Ketika bersiap-siap mendatangi bumi, seorang kerabat tiba-tiba menghampiriku.

"Kamu yakin akan mendatangi bumi ?"

Aku mengangguk mantap

"Apa menurutmu bumi akan menerimamu ?" Lanjutnya

"Tentu saja ... Kau tidak liat ? Ia terus memperhatikanku."

Raut wajah kerabatku tiba-tiba menjadi sendu. Ia menggeleng lemah. "Perhatikan baik-baik. Dengan mata & pikiranmu. Apa ia benar-benar memperhatikanmu ?"

Aku menurutinya. Dan aku tetap merasakan bumi menatapku. Apa maksud kerabatku itu ?

Demi melihat raut kebingunganku, Ia melanjutkan.

"Lihat baik-baik. Di sekeliling bumi, ada bintang lain yang lebih terang dari kita. Ada matahari dan juga bulan yang lebih dinantikan kehadirannya. Ia memang suka menatapmu. Tapi sadarkah kau, jika sang fajar mengakhiri malam, ia lebih memilih merasakan mentari. Bahkan di saat malam sekalipun, Ia lebih merasakan kehadiran bulan "

"Tapi aku kan lebih menarik daripada bulan. Sinarku memang tidak seterang mentari ... Tapi aku bisa yakinkan ia, aku bisa hadir hanya untuknya. Aku bisa mendatanginya. Lalu kenapa aku harus mengalah pada Mentari atau bulan ?"
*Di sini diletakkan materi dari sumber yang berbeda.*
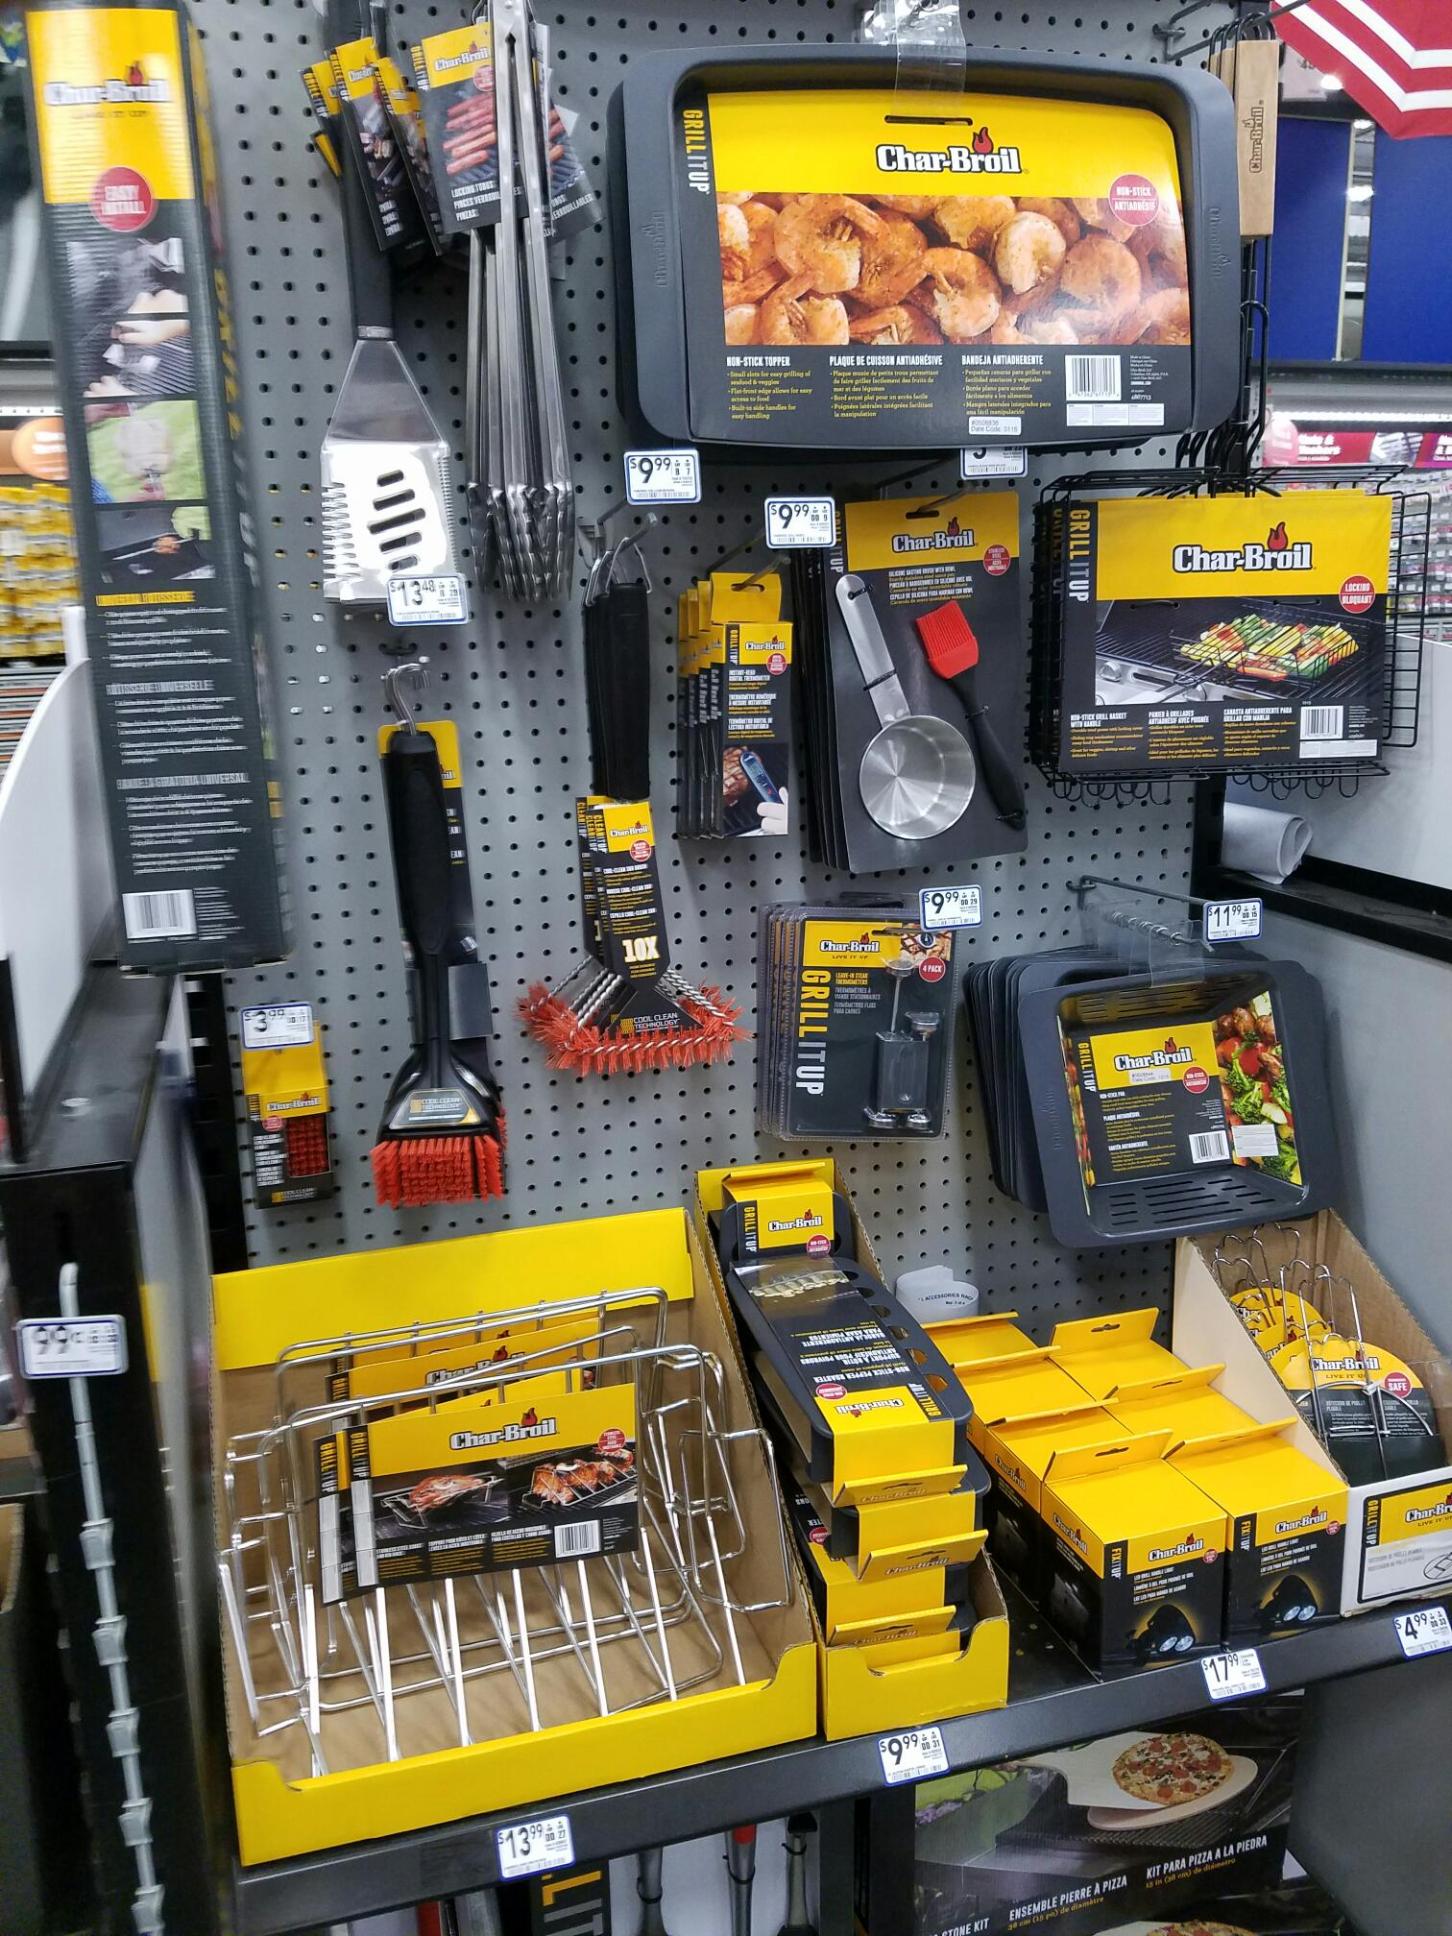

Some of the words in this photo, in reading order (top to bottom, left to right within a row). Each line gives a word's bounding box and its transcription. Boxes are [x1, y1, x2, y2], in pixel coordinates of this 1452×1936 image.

"Kau indah ... sangat indah. Tapi kau terlalu jauh darinya. Akan sangat sulit bagimu meraih perhatiannya. Kau lihat bulan. Ia tidak terlalu terang. Tapi ia sangat dekat. Sehingga sang bumi terus merasakan kehadirannya. Begitu juga dengan mentari. Bumi malah sangat bergantung padanya. Sedangan kau ? Ia memang merasa senang bila kau hadir, tapi Ia tidak akan kehilangan jika kau tak ada. Kalau begitu, mana mungkin kau bisa bersaing dengan mereka berdua."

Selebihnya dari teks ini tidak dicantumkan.